(Provided records begins)

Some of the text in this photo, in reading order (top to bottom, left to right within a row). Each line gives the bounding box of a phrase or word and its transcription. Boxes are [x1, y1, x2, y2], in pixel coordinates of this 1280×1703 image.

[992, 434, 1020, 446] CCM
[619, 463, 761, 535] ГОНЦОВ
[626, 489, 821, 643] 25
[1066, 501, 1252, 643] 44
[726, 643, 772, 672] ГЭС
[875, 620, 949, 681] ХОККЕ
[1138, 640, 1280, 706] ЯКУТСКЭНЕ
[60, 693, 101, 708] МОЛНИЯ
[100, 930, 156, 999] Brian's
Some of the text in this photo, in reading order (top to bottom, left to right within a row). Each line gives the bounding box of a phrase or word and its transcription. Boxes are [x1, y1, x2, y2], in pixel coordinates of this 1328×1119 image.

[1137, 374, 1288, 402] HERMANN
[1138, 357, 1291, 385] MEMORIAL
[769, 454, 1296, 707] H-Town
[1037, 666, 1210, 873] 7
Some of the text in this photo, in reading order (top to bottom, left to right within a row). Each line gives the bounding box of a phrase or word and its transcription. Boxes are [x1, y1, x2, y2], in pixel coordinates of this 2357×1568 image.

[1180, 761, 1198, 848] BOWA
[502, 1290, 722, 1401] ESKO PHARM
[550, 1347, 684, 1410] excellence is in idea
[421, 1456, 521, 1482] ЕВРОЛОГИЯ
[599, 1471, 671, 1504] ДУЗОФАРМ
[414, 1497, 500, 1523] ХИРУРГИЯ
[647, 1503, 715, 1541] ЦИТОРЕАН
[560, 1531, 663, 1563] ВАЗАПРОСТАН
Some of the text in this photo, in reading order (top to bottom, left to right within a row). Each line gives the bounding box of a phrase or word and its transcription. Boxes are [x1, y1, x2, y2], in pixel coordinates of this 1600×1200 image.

(Provided records ends)

About this task –
Your answer should be the records themselves, returned word for word.

Exercise output –
Some of the text in this photo, in reading order (top to bottom, left to right within a row). Each line gives the bounding box of a phrase or word and its transcription. Boxes are [x1, y1, x2, y2], in pixel coordinates of this 1280×1703 image.

[992, 434, 1020, 446] CCM
[619, 463, 761, 535] ГОНЦОВ
[626, 489, 821, 643] 25
[1066, 501, 1252, 643] 44
[726, 643, 772, 672] ГЭС
[875, 620, 949, 681] ХОККЕ
[1138, 640, 1280, 706] ЯКУТСКЭНЕ
[60, 693, 101, 708] МОЛНИЯ
[100, 930, 156, 999] Brian's
Some of the text in this photo, in reading order (top to bottom, left to right within a row). Each line gives the bounding box of a phrase or word and its transcription. Boxes are [x1, y1, x2, y2], in pixel coordinates of this 1328×1119 image.

[1137, 374, 1288, 402] HERMANN
[1138, 357, 1291, 385] MEMORIAL
[769, 454, 1296, 707] H-Town
[1037, 666, 1210, 873] 7
Some of the text in this photo, in reading order (top to bottom, left to right within a row). Each line gives the bounding box of a phrase or word and its transcription. Boxes are [x1, y1, x2, y2], in pixel coordinates of this 2357×1568 image.

[1180, 761, 1198, 848] BOWA
[502, 1290, 722, 1401] ESKO PHARM
[550, 1347, 684, 1410] excellence is in idea
[421, 1456, 521, 1482] ЕВРОЛОГИЯ
[599, 1471, 671, 1504] ДУЗОФАРМ
[414, 1497, 500, 1523] ХИРУРГИЯ
[647, 1503, 715, 1541] ЦИТОРЕАН
[560, 1531, 663, 1563] ВАЗАПРОСТАН
Some of the text in this photo, in reading order (top to bottom, left to right within a row). Each line gives the bounding box of a phrase or word and its transcription. Boxes are [x1, y1, x2, y2], in pixel coordinates of this 1600×1200 image.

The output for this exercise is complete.